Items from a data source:
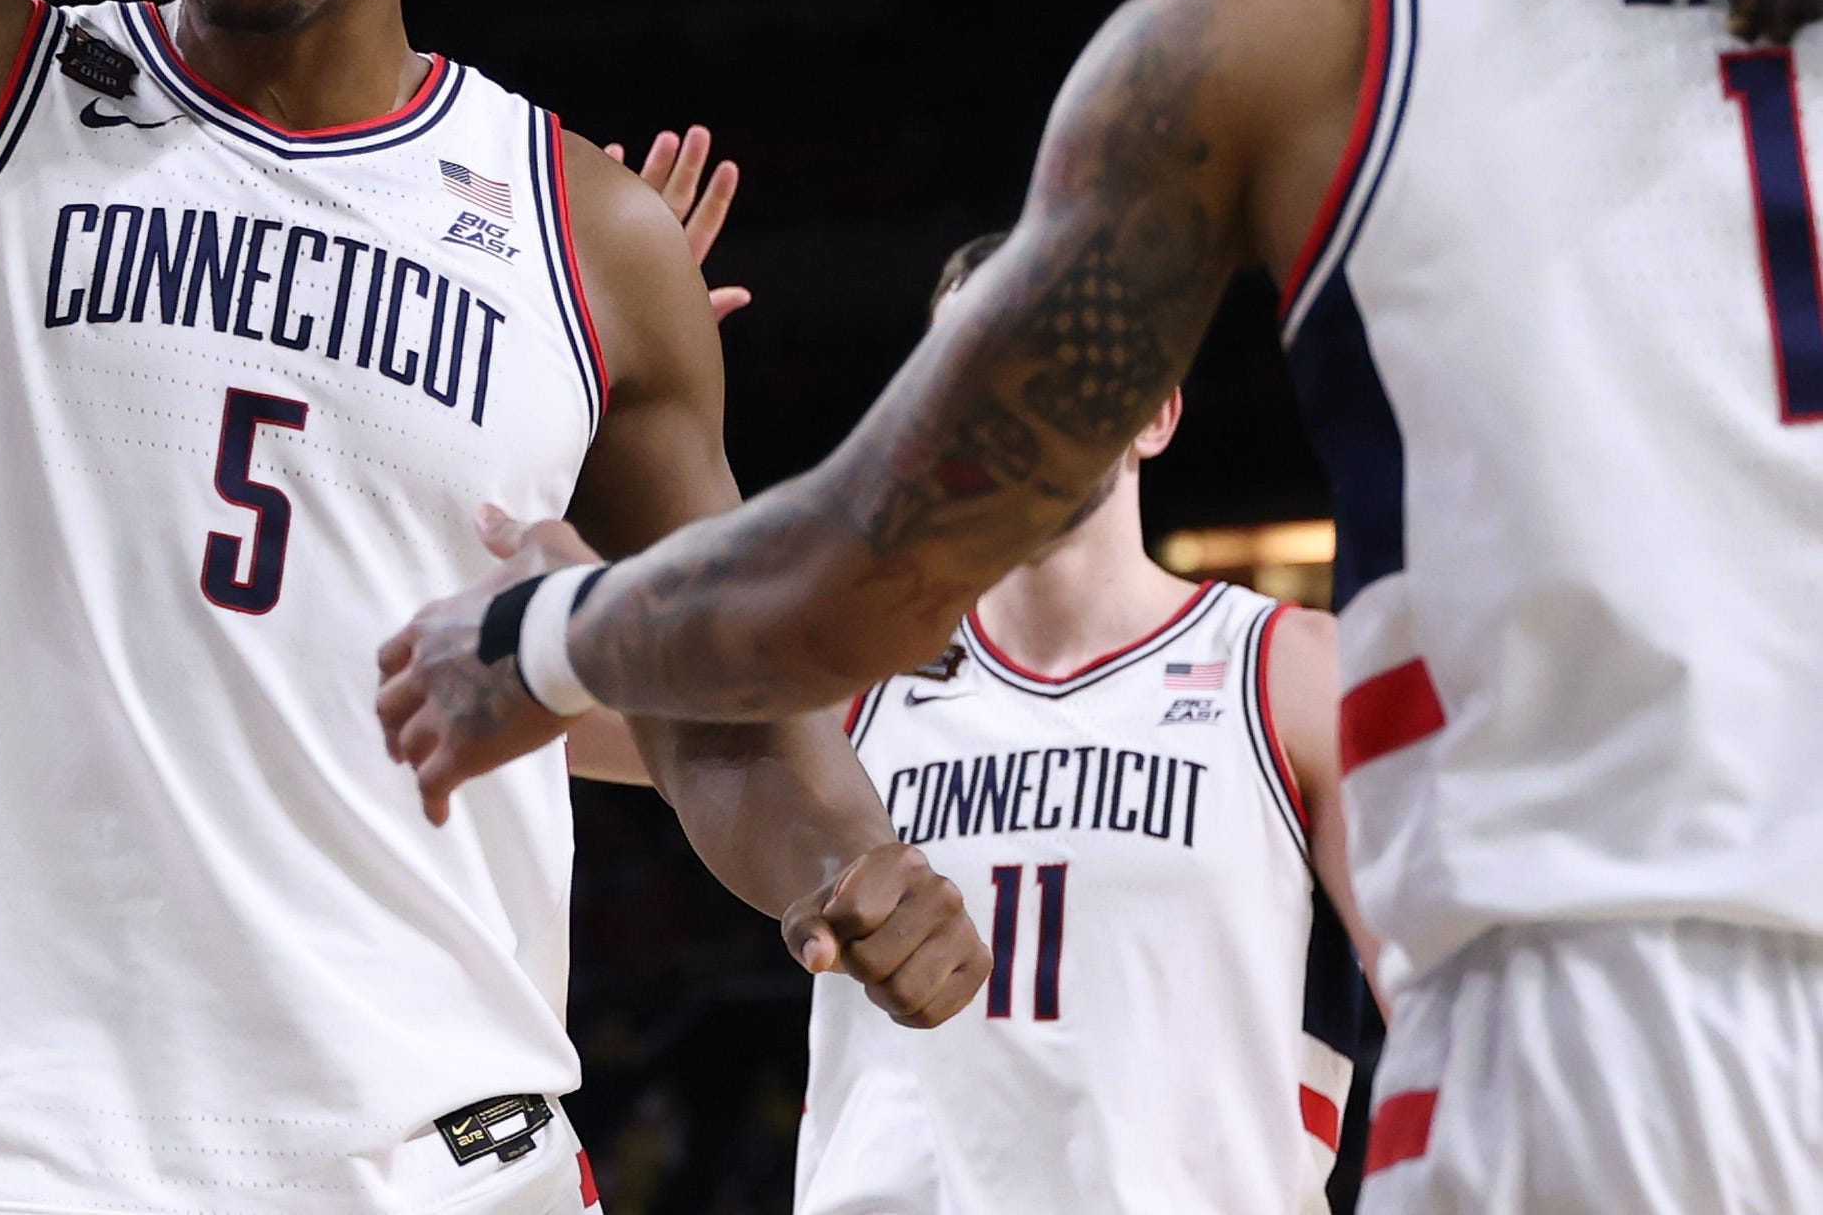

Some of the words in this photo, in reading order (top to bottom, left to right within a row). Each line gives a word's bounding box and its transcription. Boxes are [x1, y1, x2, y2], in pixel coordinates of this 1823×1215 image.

[446, 222, 522, 259] EAST
[456, 210, 510, 239] BIG
[1718, 48, 1823, 424] 1
[44, 203, 507, 429] CONNECTICUT
[200, 386, 310, 617] 5
[887, 745, 1209, 849] CONNECTICUT
[986, 861, 1070, 1022] 11
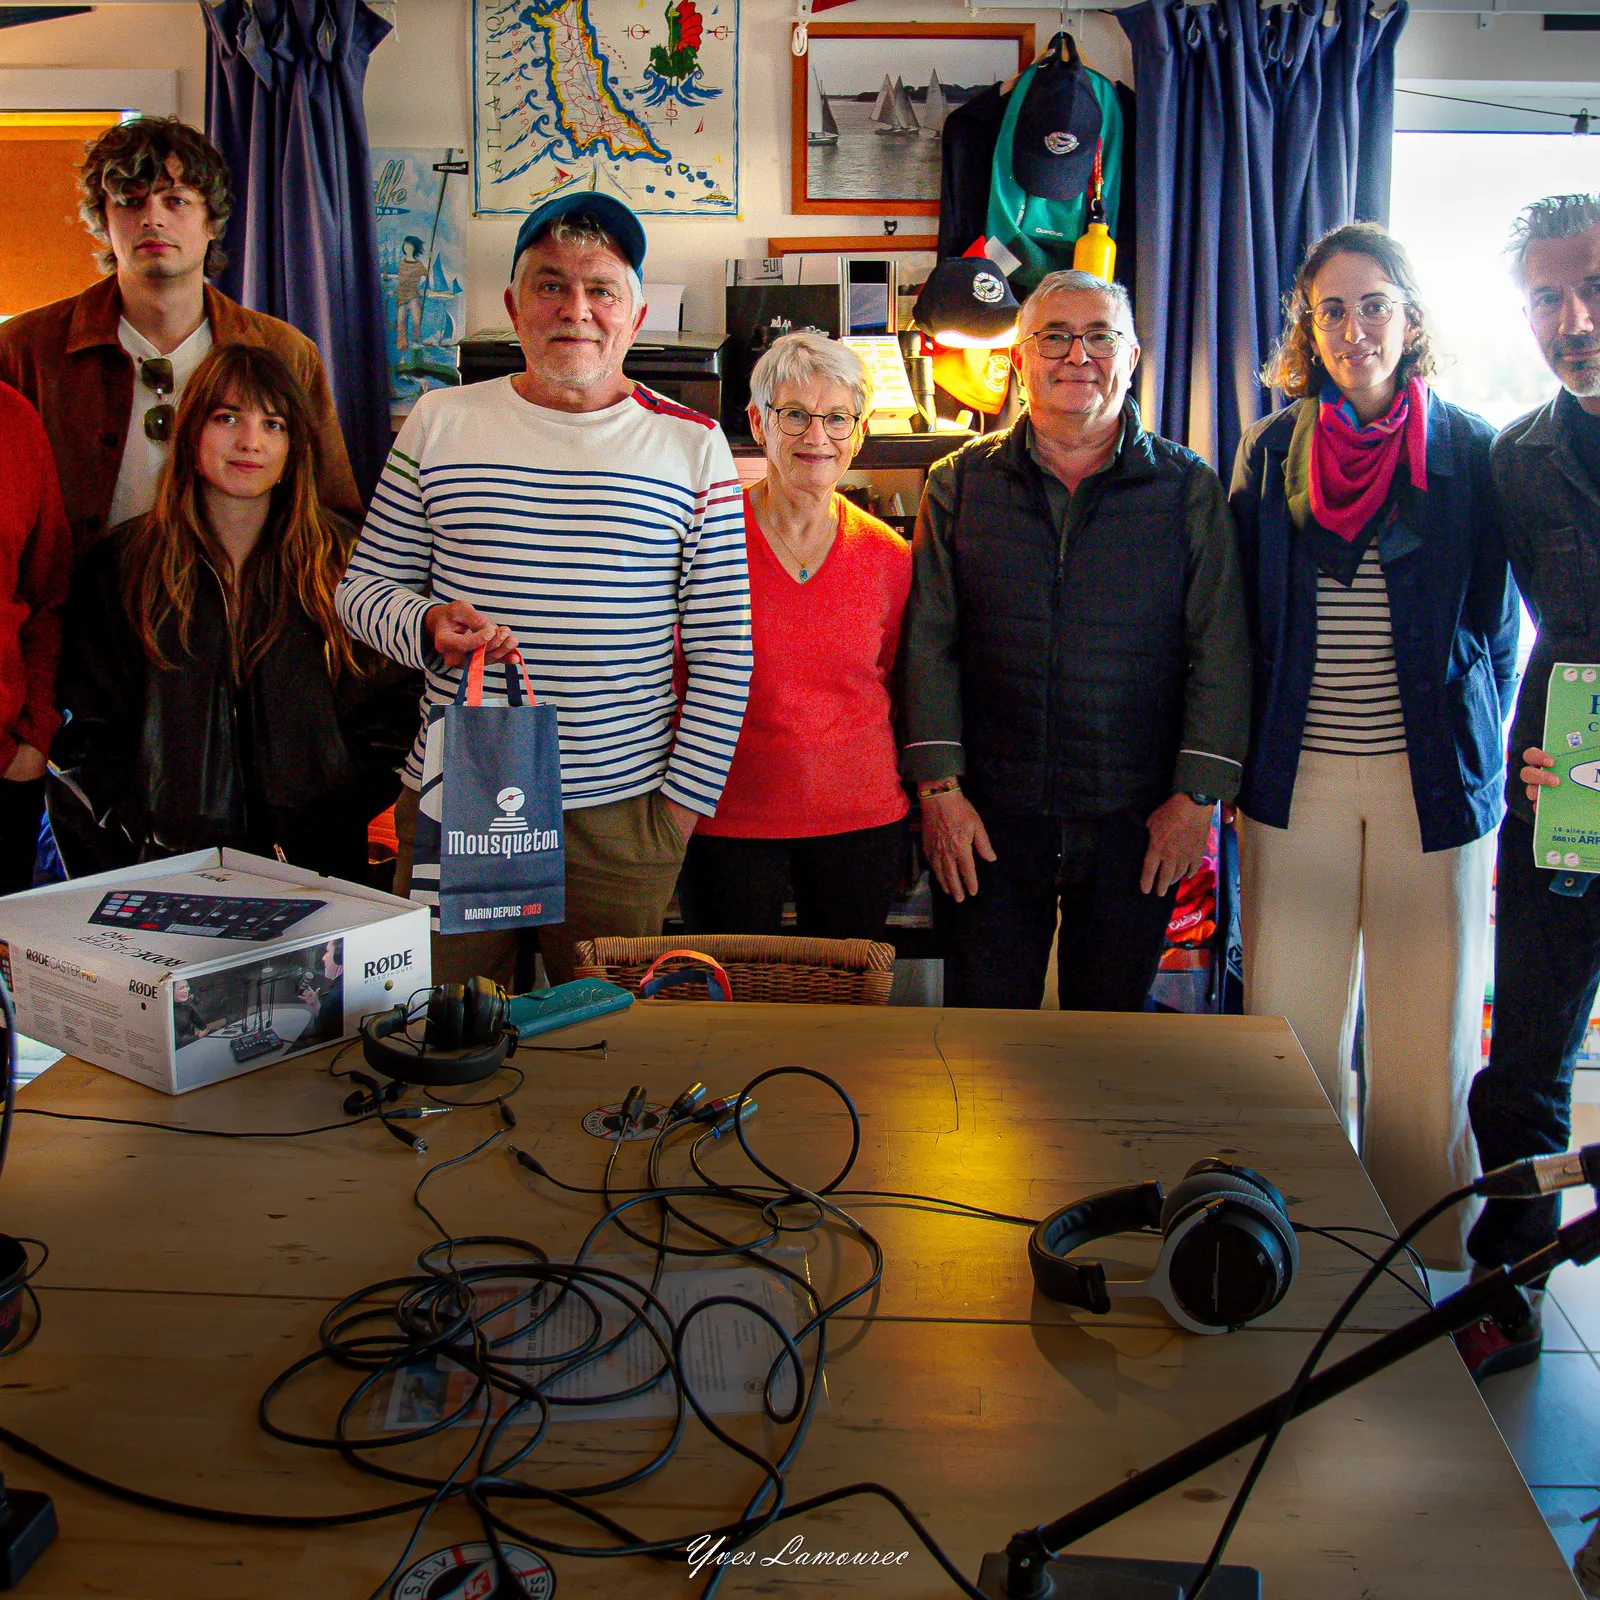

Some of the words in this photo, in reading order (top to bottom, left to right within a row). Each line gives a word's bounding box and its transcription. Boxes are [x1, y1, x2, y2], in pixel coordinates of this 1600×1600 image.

[448, 828, 560, 860] Mousqueton
[464, 906, 492, 920] MARIN
[493, 904, 521, 919] DEPUIS
[522, 904, 542, 916] 2003
[364, 949, 413, 979] RØDE
[364, 966, 413, 984] MICROPHONES
[128, 979, 158, 999] RØDE
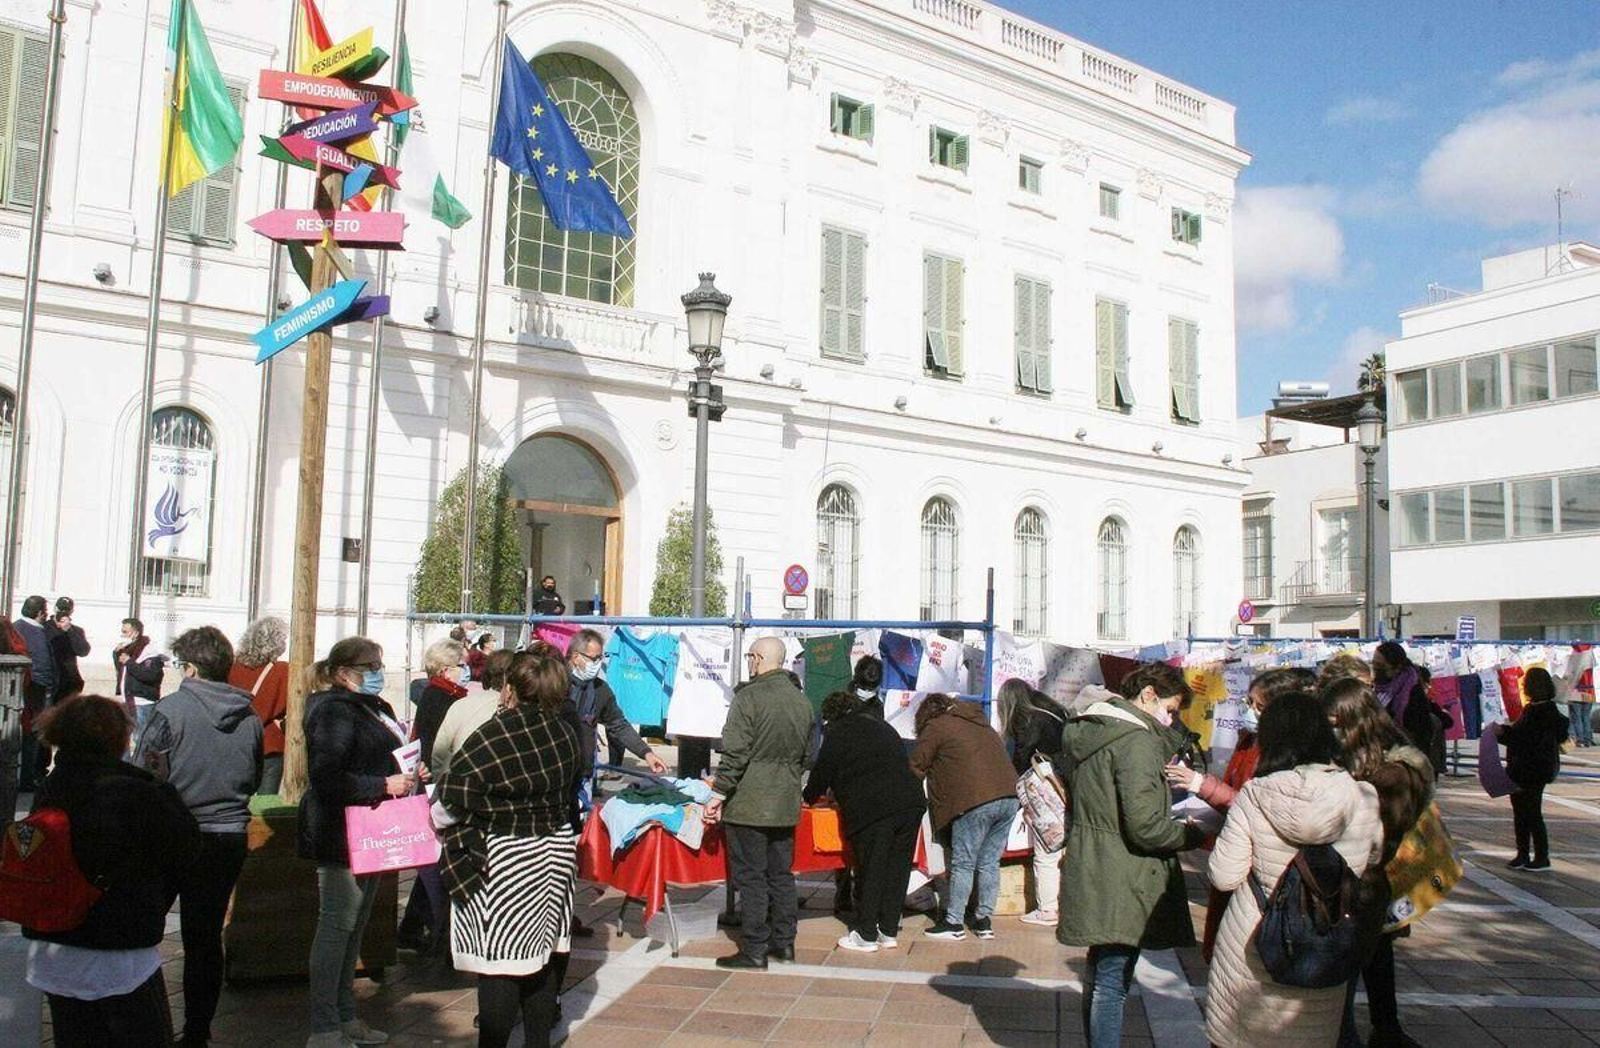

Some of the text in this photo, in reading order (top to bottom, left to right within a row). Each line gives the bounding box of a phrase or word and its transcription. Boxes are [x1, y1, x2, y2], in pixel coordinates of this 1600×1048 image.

■ **Task statement**
Lines from the one containing "this 1600×1600 image." through the final line of the entries above are to be retyped exactly, with every picture left out.

■ **Answer to this problem**
Some of the words in this photo, in reading order (top to bottom, left to right within a row). Each line gives a word's bounding box and its transcription. Boxes are [x1, y1, x2, y2], in pixel coordinates of this 1600×1600 image.

[448, 828, 560, 860] Mousqueton
[464, 906, 492, 920] MARIN
[493, 904, 521, 919] DEPUIS
[522, 904, 542, 916] 2003
[364, 949, 413, 979] RØDE
[364, 966, 413, 984] MICROPHONES
[128, 979, 158, 999] RØDE

Some of the text in this photo, in reading order (top to bottom, left to right within a row). Each line gives the bounding box of a phrase or word and its transcription. Boxes are [x1, y1, x2, y2], in pixel coordinates of this 1600×1048 image.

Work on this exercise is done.